Task description —
What is wanted is every record, duplicated word for word.

Dataset records —
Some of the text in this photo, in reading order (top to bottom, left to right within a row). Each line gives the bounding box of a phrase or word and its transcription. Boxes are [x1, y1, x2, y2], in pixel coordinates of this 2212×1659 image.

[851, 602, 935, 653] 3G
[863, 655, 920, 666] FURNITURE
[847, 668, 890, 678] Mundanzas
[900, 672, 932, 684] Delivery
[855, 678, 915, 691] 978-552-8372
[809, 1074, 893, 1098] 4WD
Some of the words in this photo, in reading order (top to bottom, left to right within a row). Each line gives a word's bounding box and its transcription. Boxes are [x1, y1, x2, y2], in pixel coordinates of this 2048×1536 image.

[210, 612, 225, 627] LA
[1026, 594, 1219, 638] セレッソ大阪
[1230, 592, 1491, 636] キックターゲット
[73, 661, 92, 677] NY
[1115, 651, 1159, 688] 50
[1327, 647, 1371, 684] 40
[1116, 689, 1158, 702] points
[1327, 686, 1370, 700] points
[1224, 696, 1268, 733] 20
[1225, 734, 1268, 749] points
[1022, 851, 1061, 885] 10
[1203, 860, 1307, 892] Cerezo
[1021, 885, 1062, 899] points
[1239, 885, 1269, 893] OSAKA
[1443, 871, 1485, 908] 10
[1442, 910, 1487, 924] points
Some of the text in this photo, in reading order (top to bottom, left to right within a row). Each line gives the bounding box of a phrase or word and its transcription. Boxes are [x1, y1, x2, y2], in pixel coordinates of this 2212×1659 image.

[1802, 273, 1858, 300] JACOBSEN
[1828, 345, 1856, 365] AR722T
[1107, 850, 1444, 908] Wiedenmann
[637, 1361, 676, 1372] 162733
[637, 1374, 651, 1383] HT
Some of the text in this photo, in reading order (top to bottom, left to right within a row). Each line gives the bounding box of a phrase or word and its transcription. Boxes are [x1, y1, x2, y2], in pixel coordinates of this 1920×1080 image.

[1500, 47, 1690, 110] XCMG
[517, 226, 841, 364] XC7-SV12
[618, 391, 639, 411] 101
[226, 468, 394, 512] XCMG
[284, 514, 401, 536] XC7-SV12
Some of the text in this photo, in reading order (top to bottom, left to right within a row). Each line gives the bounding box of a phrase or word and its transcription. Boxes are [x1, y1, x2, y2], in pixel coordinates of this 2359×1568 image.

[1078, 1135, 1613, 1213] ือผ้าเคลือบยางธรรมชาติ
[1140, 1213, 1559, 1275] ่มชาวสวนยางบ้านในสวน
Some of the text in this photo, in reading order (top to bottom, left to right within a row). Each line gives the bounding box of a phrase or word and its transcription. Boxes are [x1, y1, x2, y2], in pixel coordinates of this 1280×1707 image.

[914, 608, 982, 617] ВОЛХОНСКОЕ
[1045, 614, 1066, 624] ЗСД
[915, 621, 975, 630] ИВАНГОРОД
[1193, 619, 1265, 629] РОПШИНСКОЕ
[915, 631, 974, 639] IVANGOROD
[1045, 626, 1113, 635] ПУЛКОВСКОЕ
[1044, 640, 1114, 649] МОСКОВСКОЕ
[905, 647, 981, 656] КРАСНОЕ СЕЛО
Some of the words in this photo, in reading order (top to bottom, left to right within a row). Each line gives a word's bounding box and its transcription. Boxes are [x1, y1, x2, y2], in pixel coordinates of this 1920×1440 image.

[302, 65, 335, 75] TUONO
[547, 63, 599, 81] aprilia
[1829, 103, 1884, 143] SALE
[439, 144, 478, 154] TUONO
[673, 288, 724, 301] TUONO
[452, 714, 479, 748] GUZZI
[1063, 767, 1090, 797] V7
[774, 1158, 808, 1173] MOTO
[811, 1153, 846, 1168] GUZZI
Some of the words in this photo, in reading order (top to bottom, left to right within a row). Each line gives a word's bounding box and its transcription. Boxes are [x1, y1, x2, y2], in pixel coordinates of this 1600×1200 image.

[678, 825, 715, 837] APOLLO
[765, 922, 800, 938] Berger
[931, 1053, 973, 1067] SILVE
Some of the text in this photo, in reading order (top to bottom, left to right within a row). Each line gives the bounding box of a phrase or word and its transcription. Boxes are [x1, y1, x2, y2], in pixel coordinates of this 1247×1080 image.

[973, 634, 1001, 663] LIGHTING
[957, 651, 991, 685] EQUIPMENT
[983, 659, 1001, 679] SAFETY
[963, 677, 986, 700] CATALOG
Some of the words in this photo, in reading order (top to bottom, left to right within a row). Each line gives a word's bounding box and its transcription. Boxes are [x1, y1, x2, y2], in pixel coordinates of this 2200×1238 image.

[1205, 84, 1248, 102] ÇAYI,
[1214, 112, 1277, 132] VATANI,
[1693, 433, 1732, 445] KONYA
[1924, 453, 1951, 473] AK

Solution for this task —
Some of the text in this photo, in reading order (top to bottom, left to right within a row). Each line gives the bounding box of a phrase or word and its transcription. Boxes are [x1, y1, x2, y2], in pixel coordinates of this 2212×1659 image.

[851, 602, 935, 653] 3G
[863, 655, 920, 666] FURNITURE
[847, 668, 890, 678] Mundanzas
[900, 672, 932, 684] Delivery
[855, 678, 915, 691] 978-552-8372
[809, 1074, 893, 1098] 4WD
Some of the words in this photo, in reading order (top to bottom, left to right within a row). Each line gives a word's bounding box and its transcription. Boxes are [x1, y1, x2, y2], in pixel coordinates of this 2048×1536 image.

[210, 612, 225, 627] LA
[1026, 594, 1219, 638] セレッソ大阪
[1230, 592, 1491, 636] キックターゲット
[73, 661, 92, 677] NY
[1115, 651, 1159, 688] 50
[1327, 647, 1371, 684] 40
[1116, 689, 1158, 702] points
[1327, 686, 1370, 700] points
[1224, 696, 1268, 733] 20
[1225, 734, 1268, 749] points
[1022, 851, 1061, 885] 10
[1203, 860, 1307, 892] Cerezo
[1021, 885, 1062, 899] points
[1239, 885, 1269, 893] OSAKA
[1443, 871, 1485, 908] 10
[1442, 910, 1487, 924] points
Some of the text in this photo, in reading order (top to bottom, left to right within a row). Each line gives the bounding box of a phrase or word and its transcription. Boxes are [x1, y1, x2, y2], in pixel coordinates of this 2212×1659 image.

[1802, 273, 1858, 300] JACOBSEN
[1828, 345, 1856, 365] AR722T
[1107, 850, 1444, 908] Wiedenmann
[637, 1361, 676, 1372] 162733
[637, 1374, 651, 1383] HT
Some of the text in this photo, in reading order (top to bottom, left to right within a row). Each line gives the bounding box of a phrase or word and its transcription. Boxes are [x1, y1, x2, y2], in pixel coordinates of this 1920×1080 image.

[1500, 47, 1690, 110] XCMG
[517, 226, 841, 364] XC7-SV12
[618, 391, 639, 411] 101
[226, 468, 394, 512] XCMG
[284, 514, 401, 536] XC7-SV12
Some of the text in this photo, in reading order (top to bottom, left to right within a row). Each line gives the bounding box of a phrase or word and its transcription. Boxes are [x1, y1, x2, y2], in pixel coordinates of this 2359×1568 image.

[1078, 1135, 1613, 1213] ือผ้าเคลือบยางธรรมชาติ
[1140, 1213, 1559, 1275] ่มชาวสวนยางบ้านในสวน
Some of the text in this photo, in reading order (top to bottom, left to right within a row). Each line gives the bounding box of a phrase or word and its transcription. Boxes are [x1, y1, x2, y2], in pixel coordinates of this 1280×1707 image.

[914, 608, 982, 617] ВОЛХОНСКОЕ
[1045, 614, 1066, 624] ЗСД
[915, 621, 975, 630] ИВАНГОРОД
[1193, 619, 1265, 629] РОПШИНСКОЕ
[915, 631, 974, 639] IVANGOROD
[1045, 626, 1113, 635] ПУЛКОВСКОЕ
[1044, 640, 1114, 649] МОСКОВСКОЕ
[905, 647, 981, 656] КРАСНОЕ СЕЛО
Some of the words in this photo, in reading order (top to bottom, left to right within a row). Each line gives a word's bounding box and its transcription. Boxes are [x1, y1, x2, y2], in pixel coordinates of this 1920×1440 image.

[302, 65, 335, 75] TUONO
[547, 63, 599, 81] aprilia
[1829, 103, 1884, 143] SALE
[439, 144, 478, 154] TUONO
[673, 288, 724, 301] TUONO
[452, 714, 479, 748] GUZZI
[1063, 767, 1090, 797] V7
[774, 1158, 808, 1173] MOTO
[811, 1153, 846, 1168] GUZZI
Some of the words in this photo, in reading order (top to bottom, left to right within a row). Each line gives a word's bounding box and its transcription. Boxes are [x1, y1, x2, y2], in pixel coordinates of this 1600×1200 image.

[678, 825, 715, 837] APOLLO
[765, 922, 800, 938] Berger
[931, 1053, 973, 1067] SILVE
Some of the text in this photo, in reading order (top to bottom, left to right within a row). Each line gives the bounding box of a phrase or word and its transcription. Boxes are [x1, y1, x2, y2], in pixel coordinates of this 1247×1080 image.

[973, 634, 1001, 663] LIGHTING
[957, 651, 991, 685] EQUIPMENT
[983, 659, 1001, 679] SAFETY
[963, 677, 986, 700] CATALOG
Some of the words in this photo, in reading order (top to bottom, left to right within a row). Each line gives a word's bounding box and its transcription. Boxes are [x1, y1, x2, y2], in pixel coordinates of this 2200×1238 image.

[1205, 84, 1248, 102] ÇAYI,
[1214, 112, 1277, 132] VATANI,
[1693, 433, 1732, 445] KONYA
[1924, 453, 1951, 473] AK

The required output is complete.